El fin de semana que fuimos a Mendocino le conté también todo lo ocurrido con Ollie: aquel momento espantoso en el juzgado, cuando sentí que el edificio se desplomaba sobre mí, y el que vino después, cuando guardé las pertenencias de mi hijo en cajas de cartón y bolsas de basura; mi preocupación por el hecho de que Dwight perdiera los nervios con Ollie y Cheri le ignorara; y mi esperanza de que algún día, cuando por fin consiguiera saldar mi deuda con el abogado y contratar a otro mejor, pudiera recuperar la custodia de mi hijo. Eso, sin embargo, parecía una quimera.

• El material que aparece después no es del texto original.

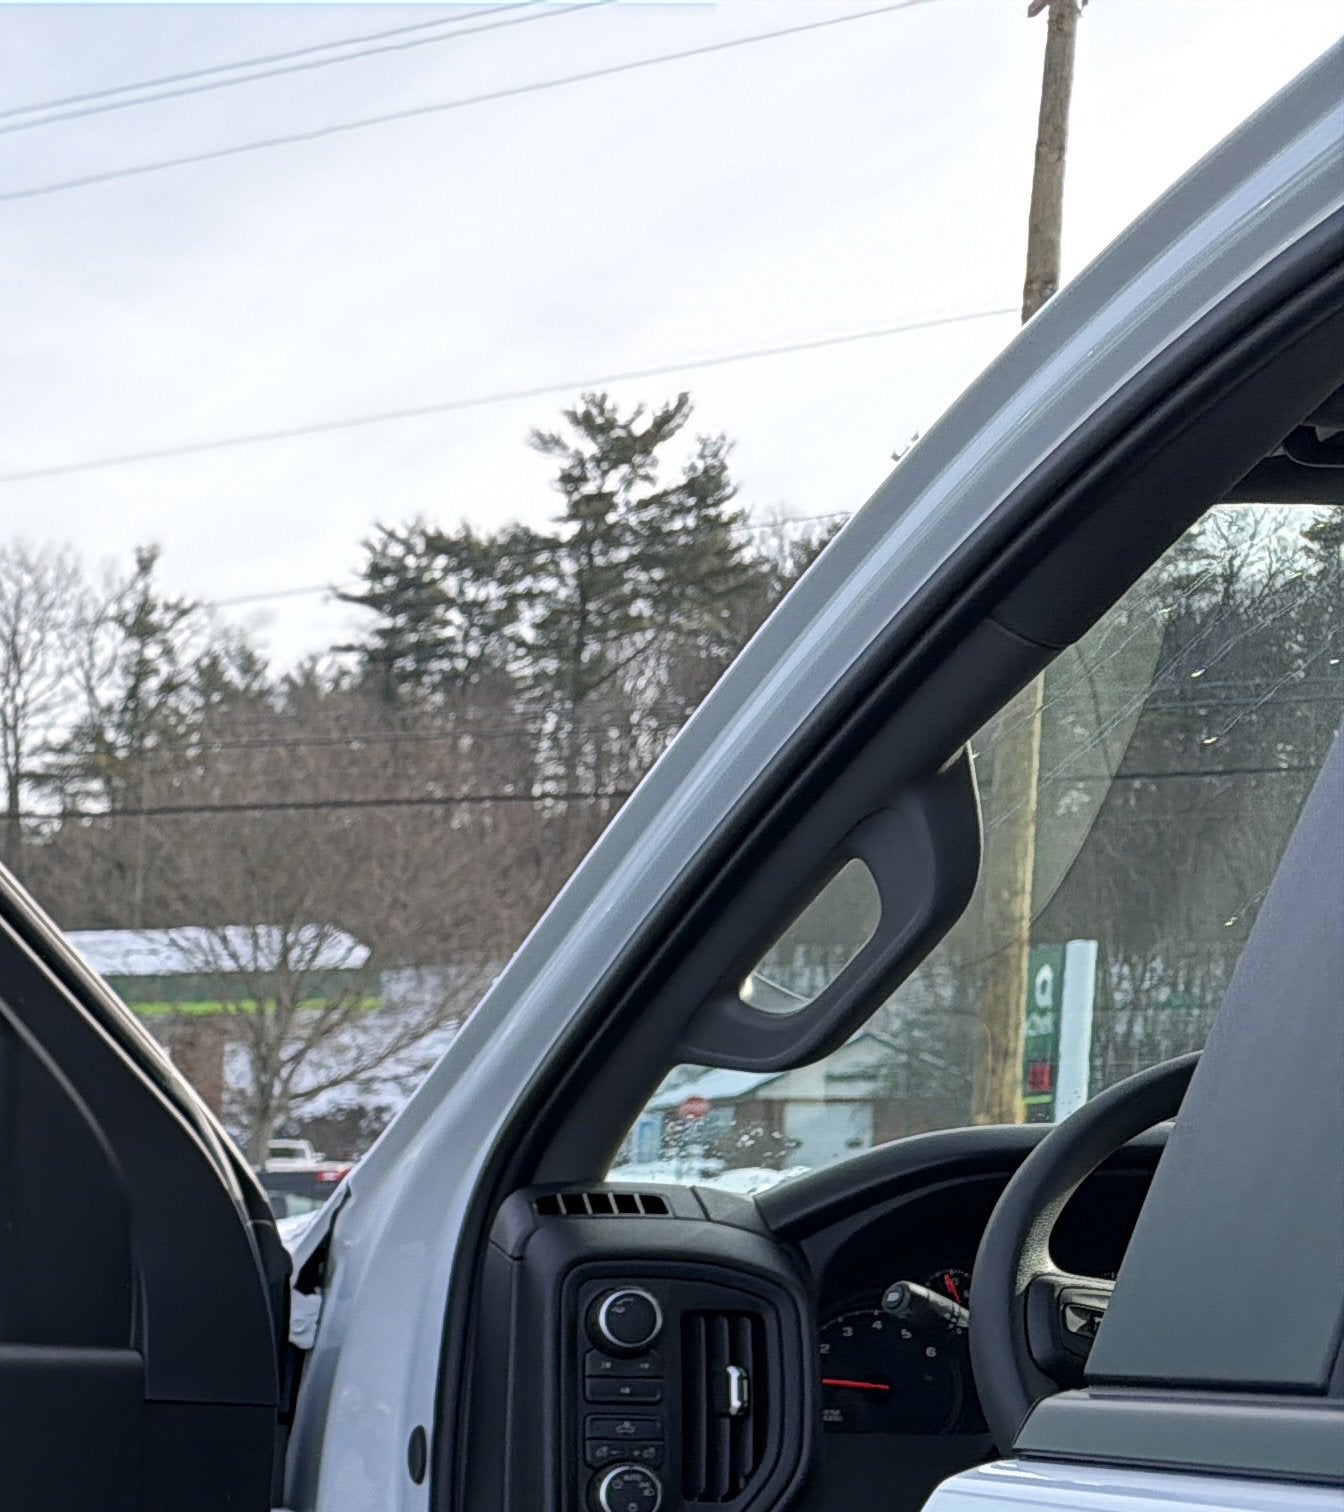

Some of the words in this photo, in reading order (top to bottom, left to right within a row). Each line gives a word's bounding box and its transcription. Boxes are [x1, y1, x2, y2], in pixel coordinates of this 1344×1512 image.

[872, 1320, 883, 1330] 4
[843, 1326, 854, 1337] 3
[901, 1328, 912, 1339] 5
[820, 1343, 831, 1354] 2
[926, 1346, 937, 1357] 6

—No eres la primera persona a la que condenan por conducir bebida —comentó Elliot—. Vas a Alcohólicos Anónimos. Ya no bebes. ¿No puedes por lo menos llevar a tu hijo a tu casa algunas veces?

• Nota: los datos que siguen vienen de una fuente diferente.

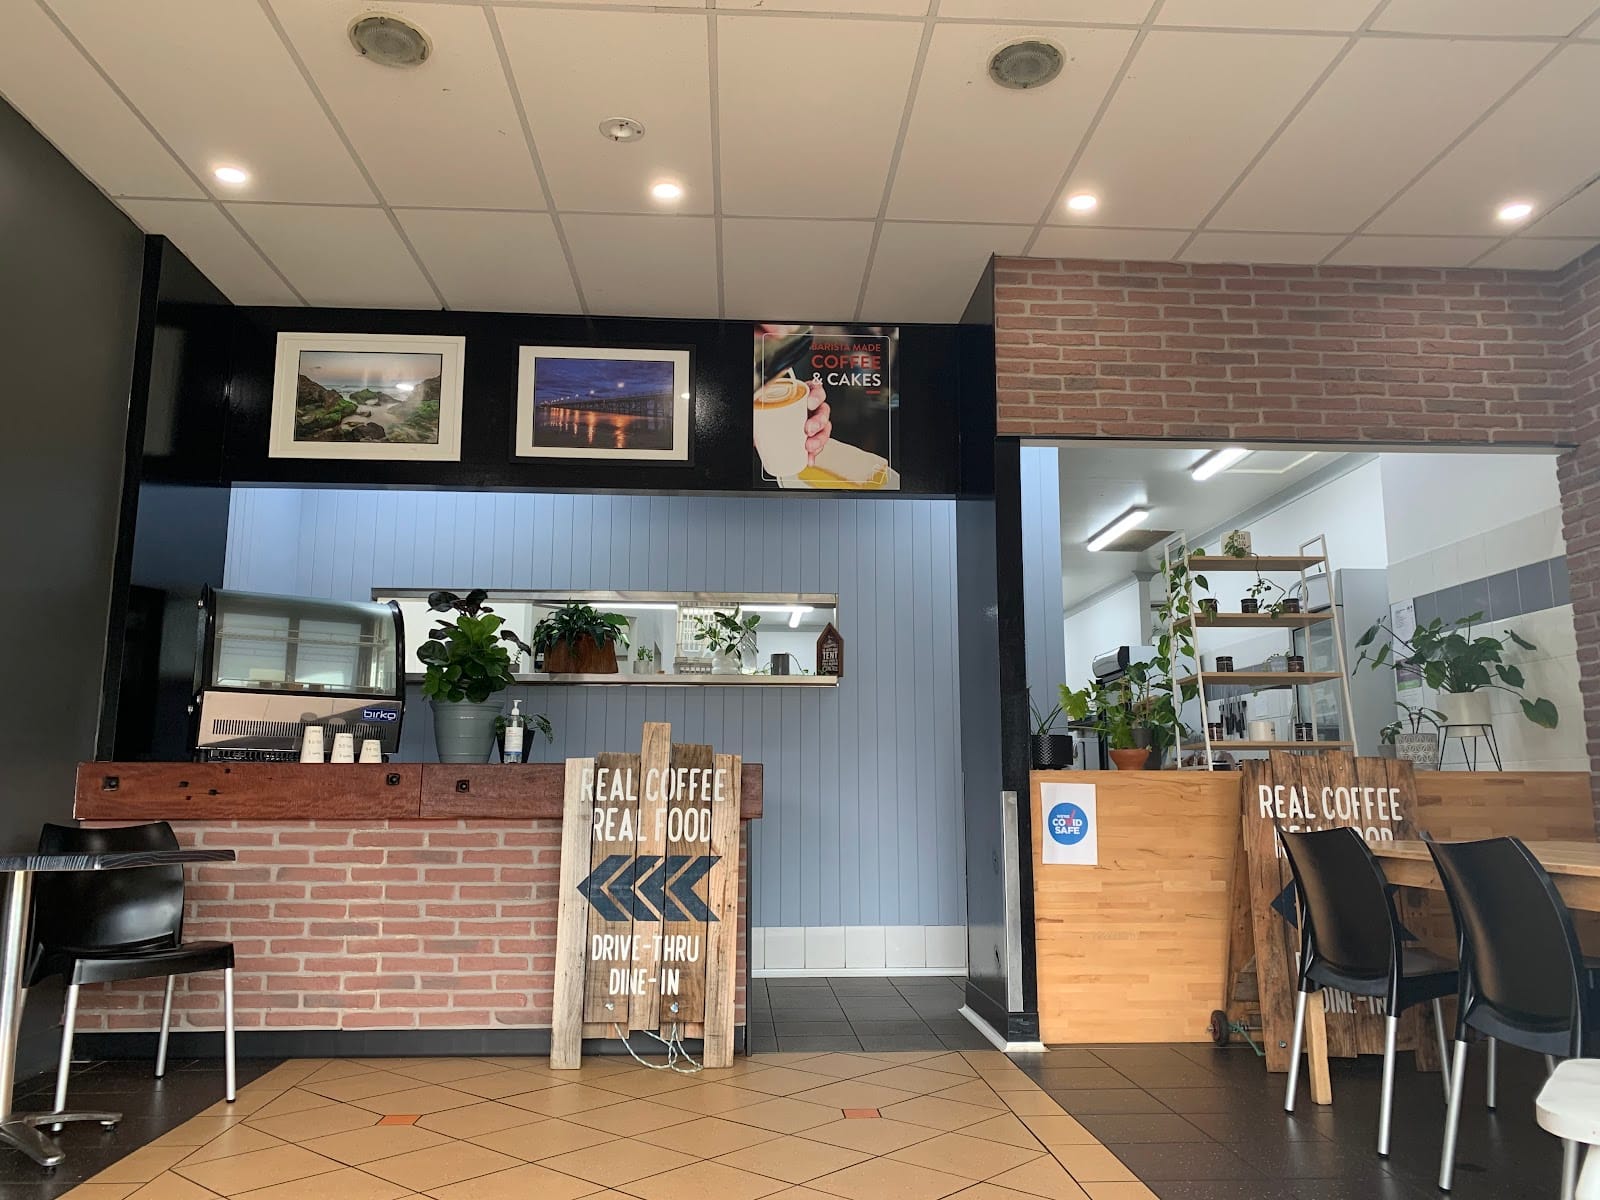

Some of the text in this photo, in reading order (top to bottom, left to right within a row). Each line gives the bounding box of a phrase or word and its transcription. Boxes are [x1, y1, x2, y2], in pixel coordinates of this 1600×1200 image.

—Siempre se lo pido, pero Dwight no permite que Ollie pase la noche conmigo —contesté—. Es como ir al despacho del director. Cada vez que me planto delante de su puerta para ver a Ollie, me siento completamente patética.

—Da igual lo que piensen de ti —repuso Elliot—, con tal de que puedas pasar tiempo con tu hijo.

—Pero tengo la impresión de que Ollie ya no quiere verme —dije en voz más baja—. Creo que está enfadado conmigo. Aunque no se lleve bien con su padre, sé que me culpa a mí.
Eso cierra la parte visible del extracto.